Il rientro.

Gli “arrivi” dell’aeroporto di Genova sono i più squallidi che mi ricordi. Ho visto locali più gradevoli, curati, puliti in minuscoli aeroporti su isolette in Grecia o in paesini sperduti in Messico. Oddio hanno aggiunto UN volo SETTIMANALE per una capitale europea. Stappiamo lo champagne. Anche i prossimi visitatori da questa nuova destinazione potranno pensare di aver fatto un errore quando atterreranno a Genova.

Ma oggi sono atterrato a Milano Malpensa e sebbene da quelle parti siano combinati molto meglio, tant’è sembra quasi che ci sia un fil rouge di desolazione tra entrambi gli arrivi.

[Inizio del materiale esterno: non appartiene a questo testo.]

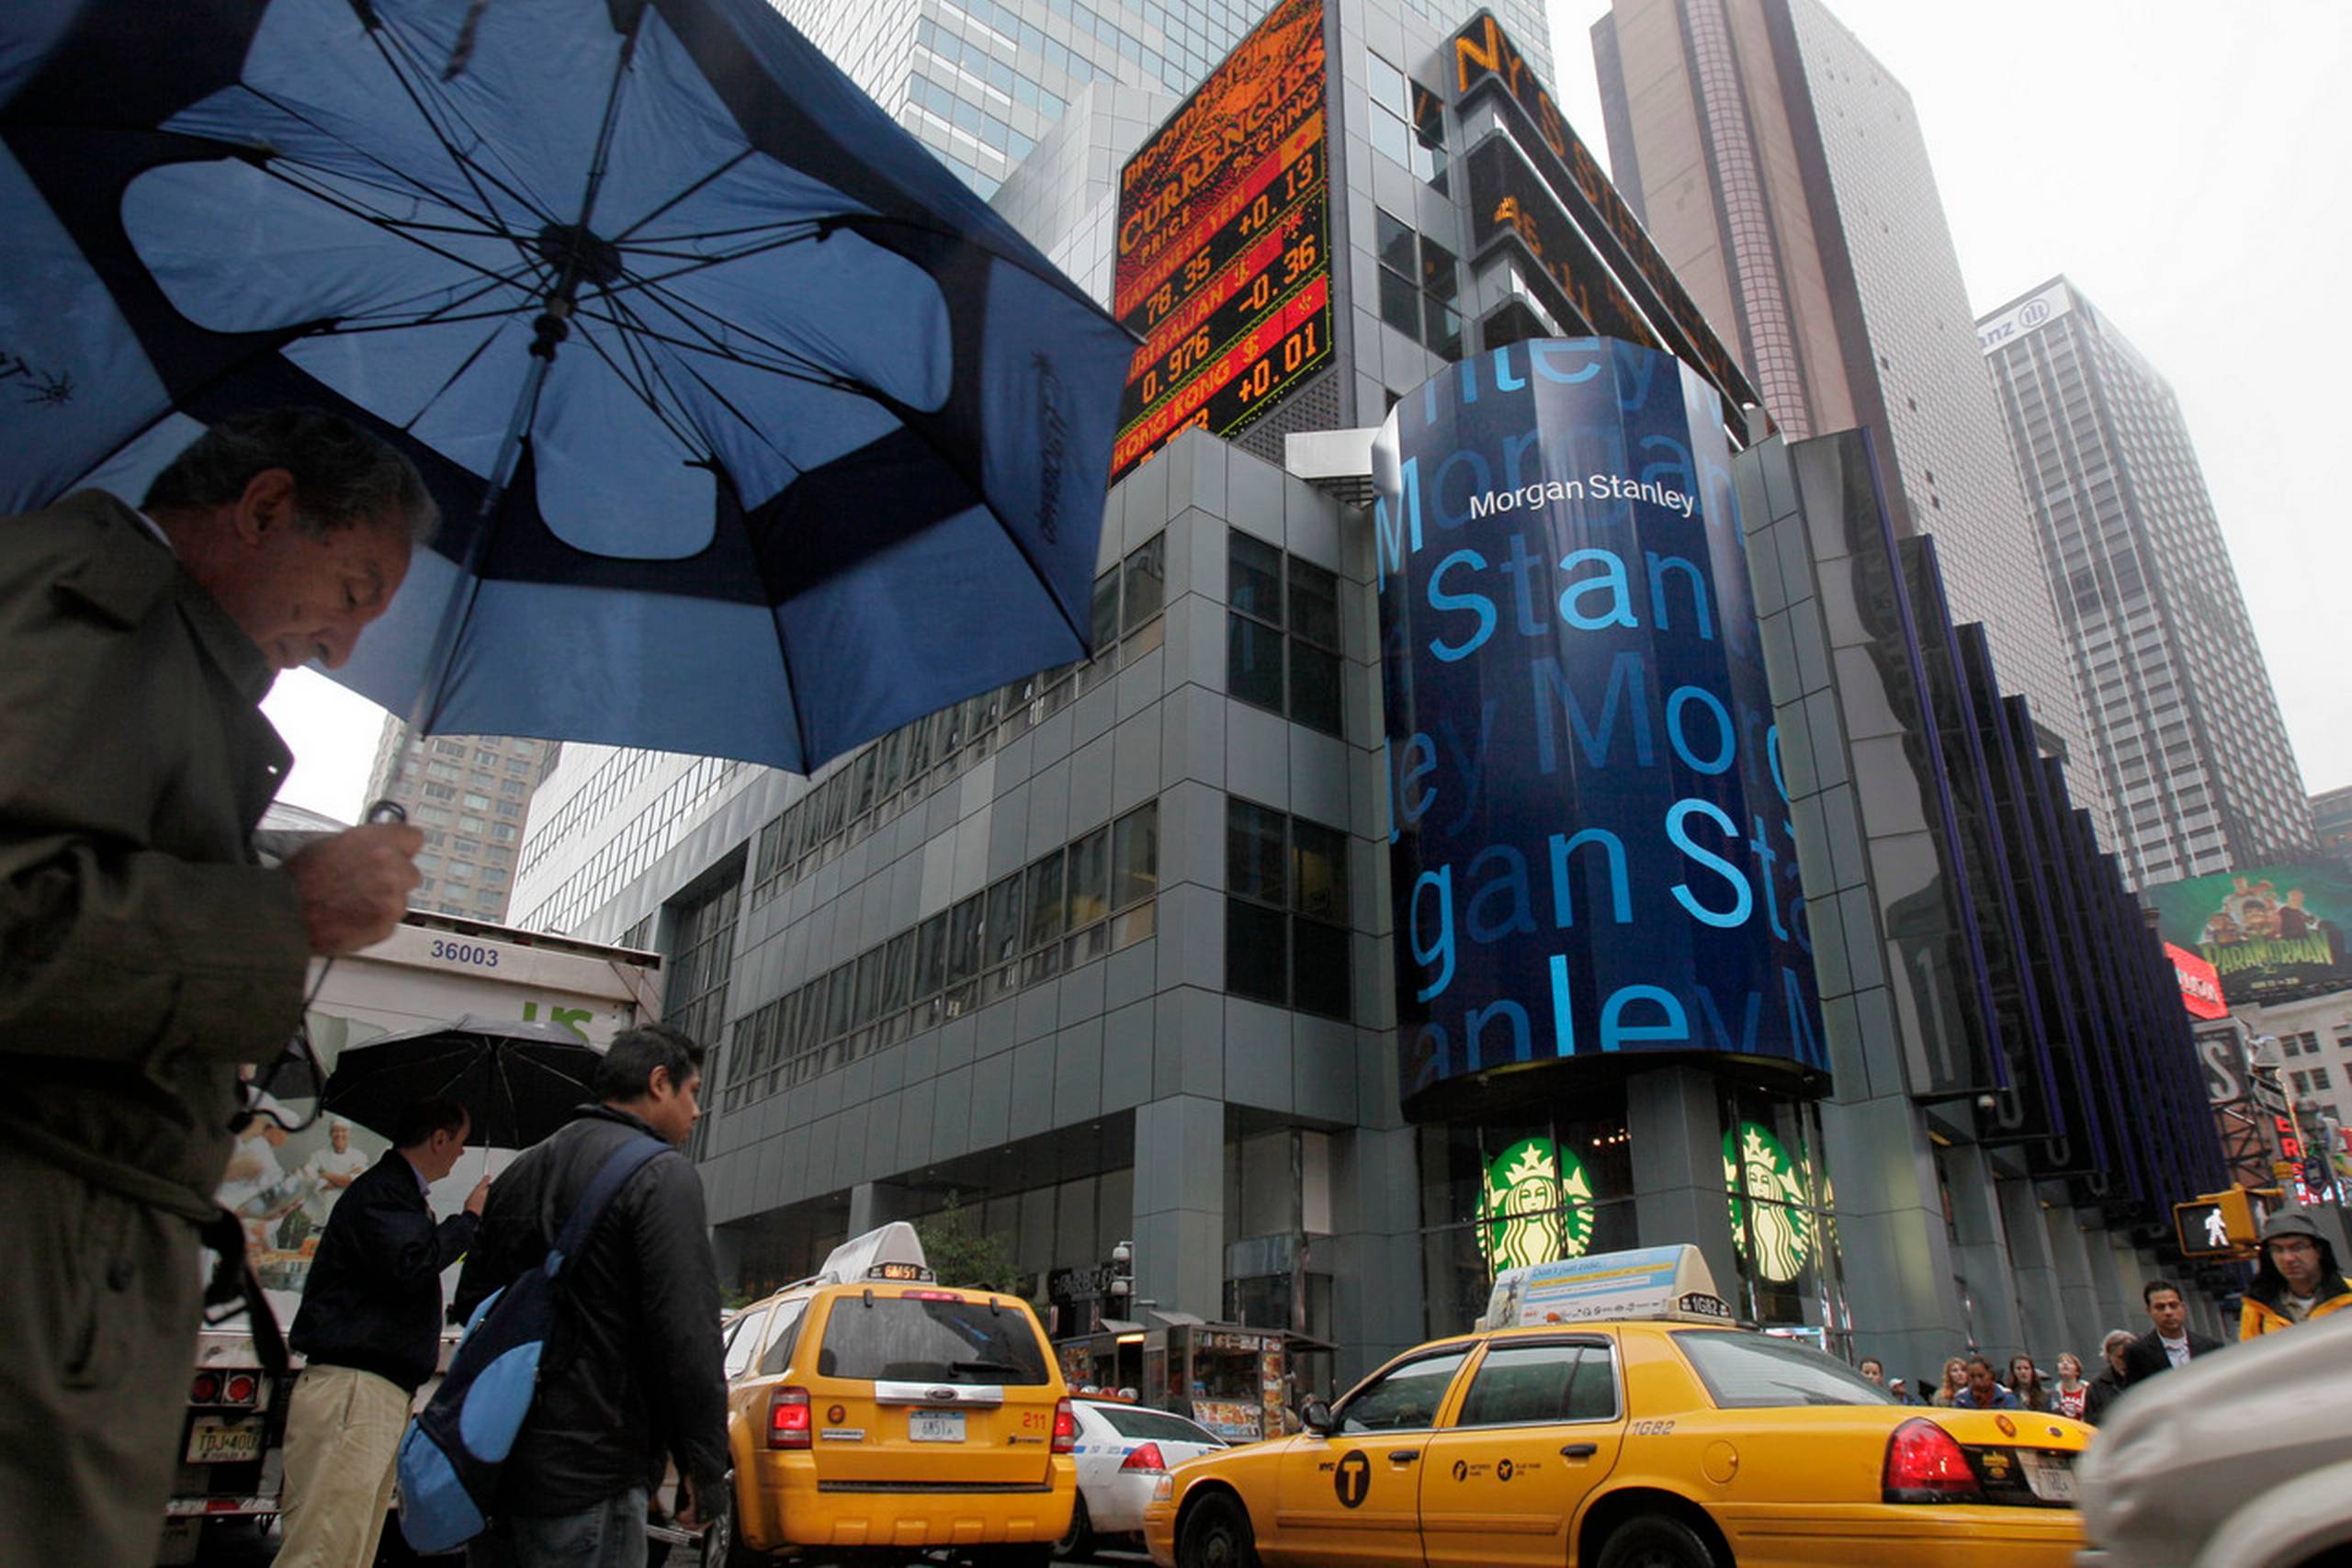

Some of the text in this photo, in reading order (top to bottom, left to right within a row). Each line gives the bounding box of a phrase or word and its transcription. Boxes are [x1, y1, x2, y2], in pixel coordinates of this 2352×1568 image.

Il controllo automatizzato dei passaporti ha avuto qualche minuto di disattenzione, bloccando alcuni passeggeri tra due cancelli. Riaperti dopo che una addetta ha telefonato incazzata due volte a qualcuno che alla fine è arrivato, non so cosa abbia fatto, ma ha sbloccato dei viaggiatori che già si vedevano intrappolati fino all’arrivo a notte fonda di un fabbro con la fiamma ossidrica.

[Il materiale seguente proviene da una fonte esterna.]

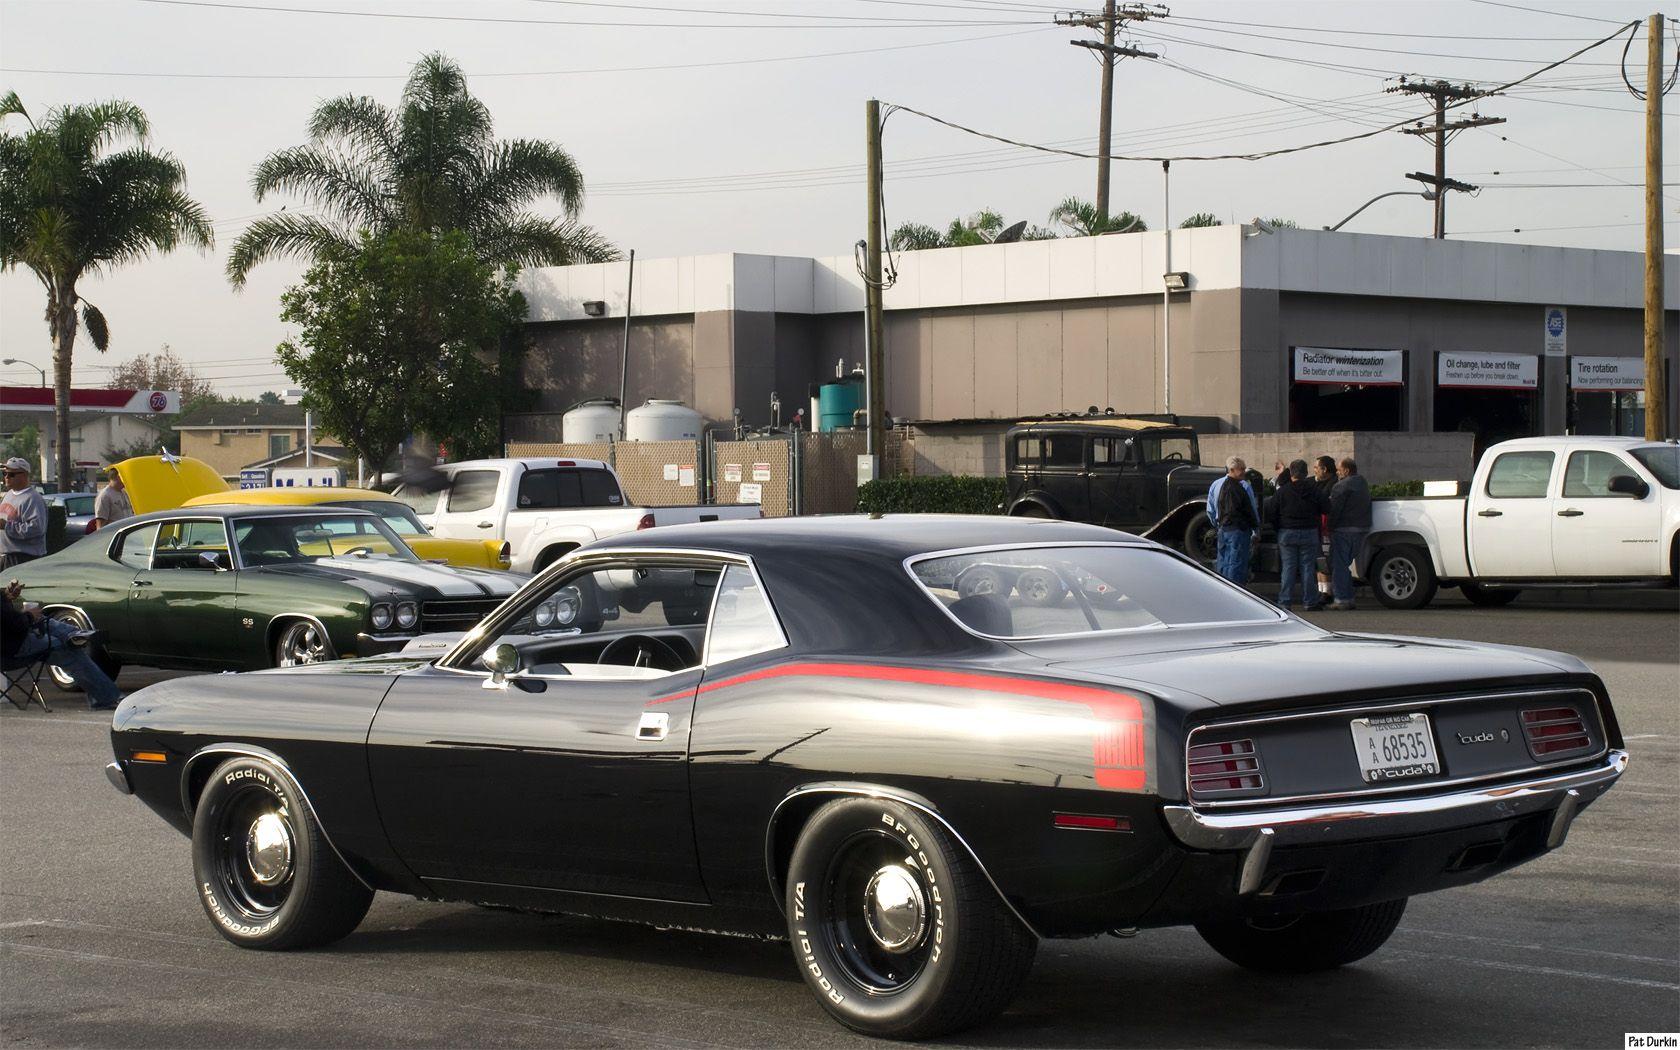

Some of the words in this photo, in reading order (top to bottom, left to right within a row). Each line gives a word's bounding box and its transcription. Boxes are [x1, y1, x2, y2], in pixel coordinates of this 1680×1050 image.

[1304, 353, 1334, 364] Radiator
[1336, 355, 1384, 366] winterization
[1446, 359, 1455, 368] Oil
[1456, 360, 1479, 370] change,
[1481, 360, 1493, 369] lube
[1495, 361, 1506, 370] and
[1507, 362, 1520, 370] filter
[1578, 362, 1590, 372] Tire
[1592, 364, 1618, 373] rotation
[1303, 367, 1310, 375] Be
[1312, 368, 1327, 376] better
[1328, 368, 1336, 376] off
[1578, 376, 1588, 384] Now
[1589, 377, 1613, 386] performing
[1369, 737, 1376, 749] A
[1383, 732, 1426, 762] 68535
[1373, 752, 1379, 764] A
[226, 768, 270, 784] Radial
[274, 782, 289, 809] T/A
[882, 813, 944, 963] BFGoodrich
[204, 882, 280, 936] BFGoodrich
[796, 882, 806, 920] T/A
[798, 930, 845, 1005] Radial

Ho capito che quando uno atterra pensa solo ad uscire indenne dai controlli e vuole portare via il belino quanto prima possibile. A Genova quando uno aspetta i bagagli su quel nastro ottocentesco che sembra fatto in casa con pezzi raccolti a Scarpino, potrebbero appendere un grosso cartello con scritto “benvenuti a Genova” ed a fianco due portuali cul sedere di fuori.

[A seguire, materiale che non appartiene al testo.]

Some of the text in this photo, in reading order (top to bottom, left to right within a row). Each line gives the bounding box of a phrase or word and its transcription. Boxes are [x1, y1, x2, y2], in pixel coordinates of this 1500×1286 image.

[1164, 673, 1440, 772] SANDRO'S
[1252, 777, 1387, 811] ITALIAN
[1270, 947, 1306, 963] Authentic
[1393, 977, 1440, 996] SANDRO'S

Prima cosa arrivato in ufficio ho scritto agli “asini matricolati” dell’ARPA Piemonte. Non so cosa aspettarmi, forse una risposta e semmai ci fosse, chissà cosa mi diranno. Non ho aspettative di alcun tipo, devo solo attendere.

Tappeto di altocumuli, direi. Potrebbero anche essere cirrostrati, o qualsiasi altro tipo di nuvolaglia can che fugge.